Skills essential for motherhood

rTMS did not produce any significant improvements in cognitive performance, although there were some nonsignificant results pointing in this direction. It is worth noting that the observed moderate cognitive enhancement does not appear to reflect rehearsal, because both groups had the same opportunity to learn the tasks (this being a placebo-controlled study), whereas improvement was only observed in the active group. Considering that abilities such as memory, motor skills, mental flexibility, attention, and abstract learning are essential for parenting,⁴⁵ we hypothesize that improvements in performance can enhance the capacity to cope with the challenges of the puerperium and exert a protective effect against pathological levels of stress for the mother and child, therefore inhibiting the chronification of depression.⁴⁶

Cumulative effect of rTMS

We observed marginal cumulative effects of rTMS on affective, social, and cognitive dimensions from week 4 to week 6. In this regard, the most promising results were found in relation to performance on the HDRS/17 and Social Adjustment Scale Self-Report-Work-at-Home (P = 0.020 for both). This finding is interesting when considering that PPD is defined in light of very strong social bonds (reported by the family), which are not only dependent on the ability of the mother to be supportive in the affective domain, but also on her capacity to cope with practical issues related to family reorganization.

Limitations of this study

The main limitations of this study are that the sample size is not large and the marital status of the mothers was not standardized, with the inclusion of four women who had no partner during the time this study was performed. These single mothers were randomized to the sham rTMS group. It is important to note that absence of a partner represents a risk factor for PPD, so that depression could be more remarkable in this group.⁵ However, this did not occur, as shown by equivalence in baseline performance on the HDRS/17 and EPDS between the groups. Another potential limitation relates to the fact that some patients suffered from recurrent depressive disorder. Finally, it was not possible to determine the extent to which the marginal cognitive and social improvements that were found represent byproducts of the clinical efficacy of the method.

Conclusion

This paper presents the results of the first double-blind, controlled pilot trial on the effects of 5 Hz rTMS³⁵ on clinical, social, and cognitive functioning in patients with PPD. At the same time as confirming improvement in affective and specific social domains, the study also provides preliminary evidence that rTMS produces small gains in overall social and specific cognitive performance.

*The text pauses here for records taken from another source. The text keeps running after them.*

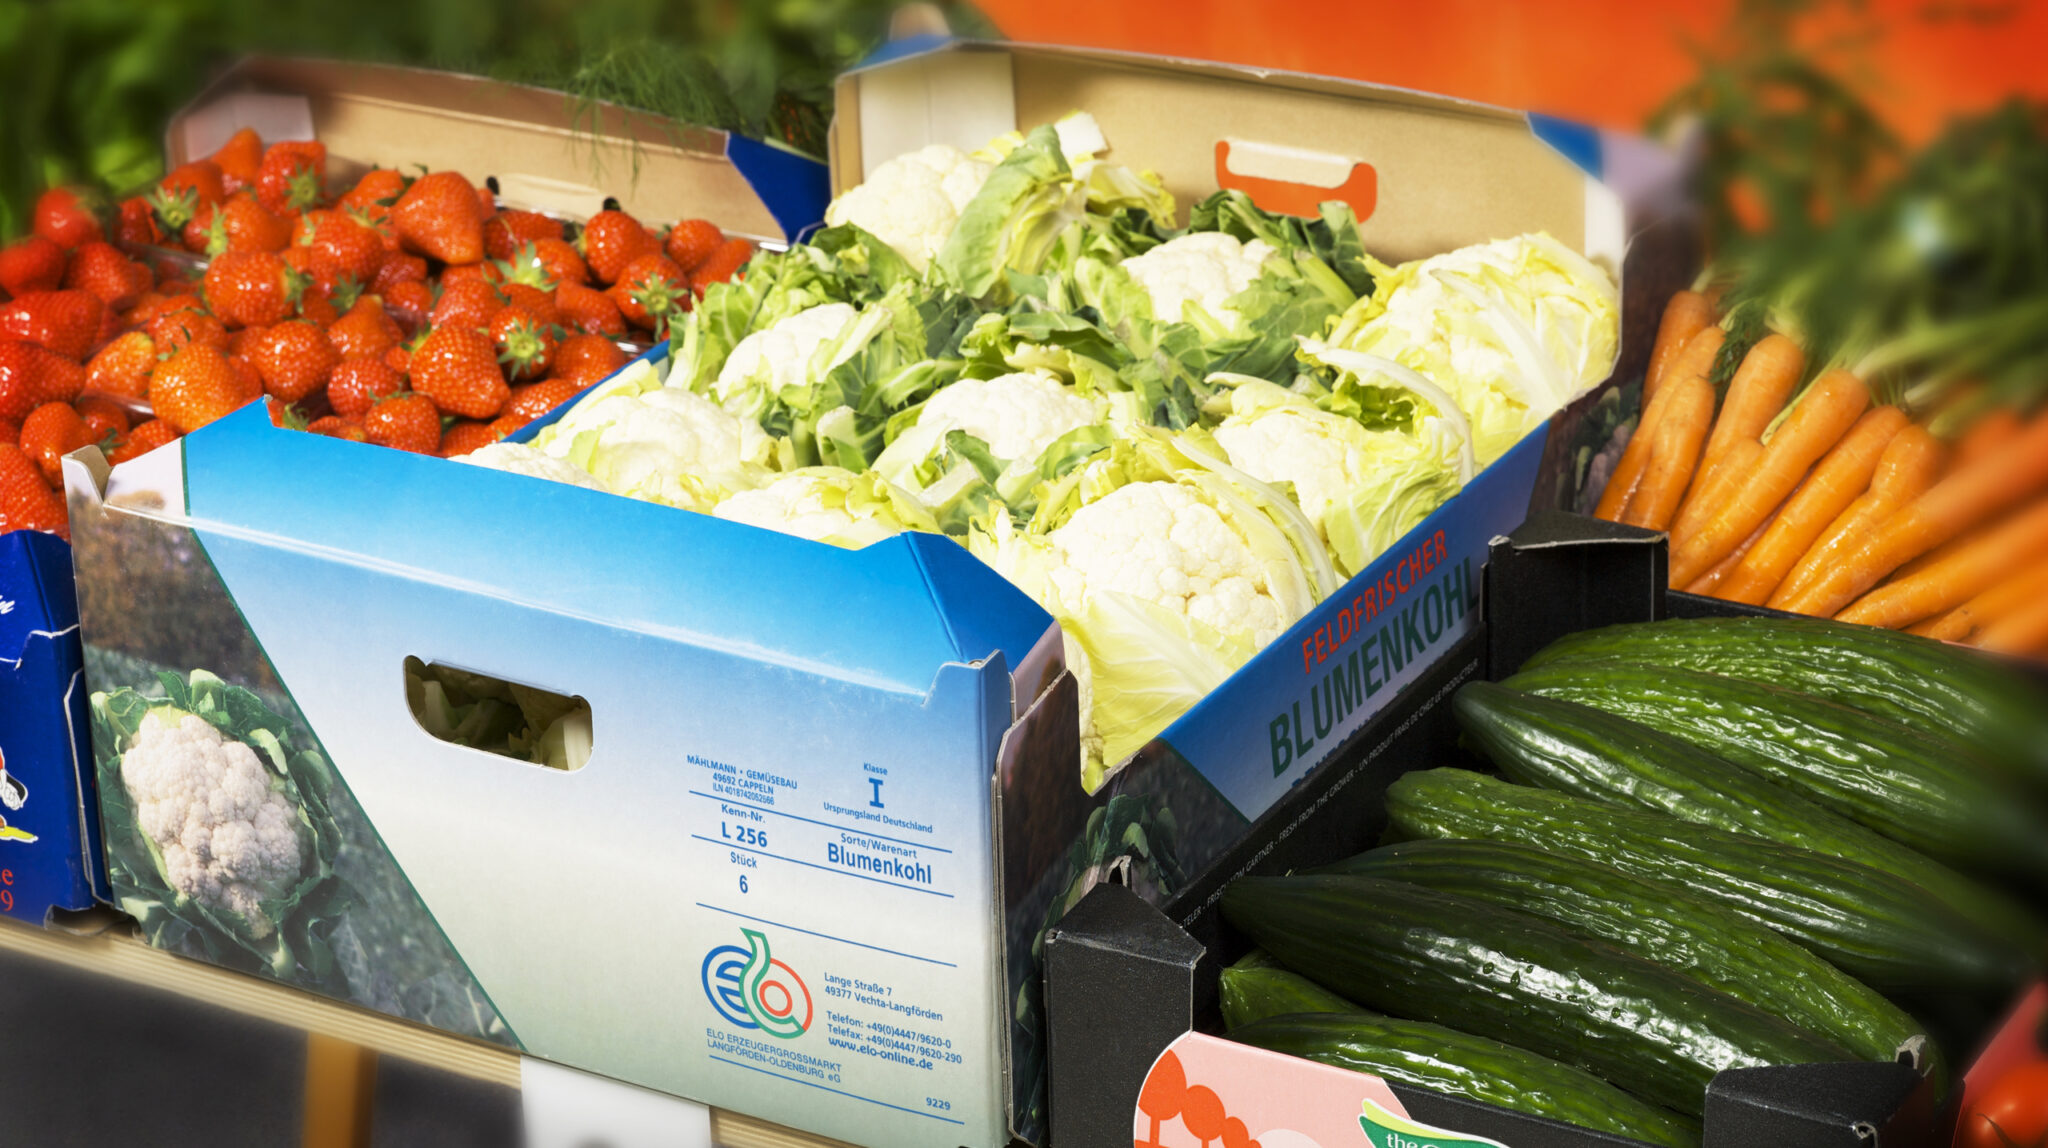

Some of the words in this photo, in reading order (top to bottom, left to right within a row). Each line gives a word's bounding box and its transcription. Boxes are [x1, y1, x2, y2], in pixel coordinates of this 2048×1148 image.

[1302, 529, 1448, 674] FELDFRISCHER
[1269, 556, 1479, 778] BLUMENKOHL
[1279, 820, 1298, 842] FRESH
[1298, 804, 1315, 825] FROM
[1316, 791, 1330, 808] THE
[1329, 769, 1355, 797] GROWER
[1359, 756, 1369, 771] UN
[1368, 732, 1394, 762] PRODUIT
[1394, 719, 1411, 739] FRAIS
[1410, 711, 1419, 725] DE
[1419, 697, 1435, 718] CHEZ
[1434, 689, 1443, 704] LE
[1442, 657, 1479, 696] PRODUCTEUR
[687, 755, 736, 775] MÄHLMANN
[746, 769, 798, 789] GEMÜSEBAU
[713, 772, 736, 786] 49692
[738, 779, 774, 795] CAPPELN
[863, 762, 888, 776] Klasse
[713, 783, 723, 793] ILN
[868, 777, 884, 809] I
[721, 803, 766, 823] Kenn-Nr.
[823, 801, 881, 822] Ursprungsland
[882, 815, 933, 833] Deutschland
[721, 821, 731, 839] L
[736, 825, 768, 848] 256
[840, 832, 918, 859] Sorte/Warenart
[730, 851, 758, 869] Stück
[827, 842, 932, 884] Blumenkohl
[739, 874, 749, 894] 6
[824, 972, 852, 988] Lange
[854, 979, 885, 995] Straße
[886, 986, 893, 997] 7
[825, 985, 852, 999] 49377
[854, 992, 943, 1021] Vechta-Langförden
[826, 1010, 864, 1028] Telefon:
[866, 1022, 952, 1049] +49(0)4447/9620-0
[827, 1023, 864, 1041] Telefax:
[866, 1034, 962, 1064] +49(0)4447/9620-290
[706, 1028, 725, 1040] ELO
[727, 1033, 842, 1073] ERZEUGERGROSSMARKT
[707, 1039, 825, 1079] LANGFÖRDEN-OLDENBURG
[828, 1073, 841, 1083] eG
[828, 1037, 934, 1070] www.elo-online.de
[926, 1097, 951, 1111] 9229
[1386, 1133, 1418, 1148] the

These social improvements may be strategic to the family in several ways, given that the puerperium involves decisive social demands associated with changes in family and household organization. Being unfit to cope with the practical demands of the puerperium can have deleterious effects that go beyond the initial period, affecting the child and perpetuating depression throughout generations, by both epigenetic and behaviorally mediated mechanisms.^47,48

This study suggests that a paradigm shift in the treatment of PPD may be both desirable and feasible. rTMS produces results that are comparable with those of antidepressants, without the necessity to cease breastfeeding or transmit undesirable chemical compounds to the newborn. If corroborated by clinical trials involving larger numbers of patients, this type of study may emerge as pioneering rTMS as a treatment of choice for PPD.

Disclosure

The authors report no conflicts of interest in this work.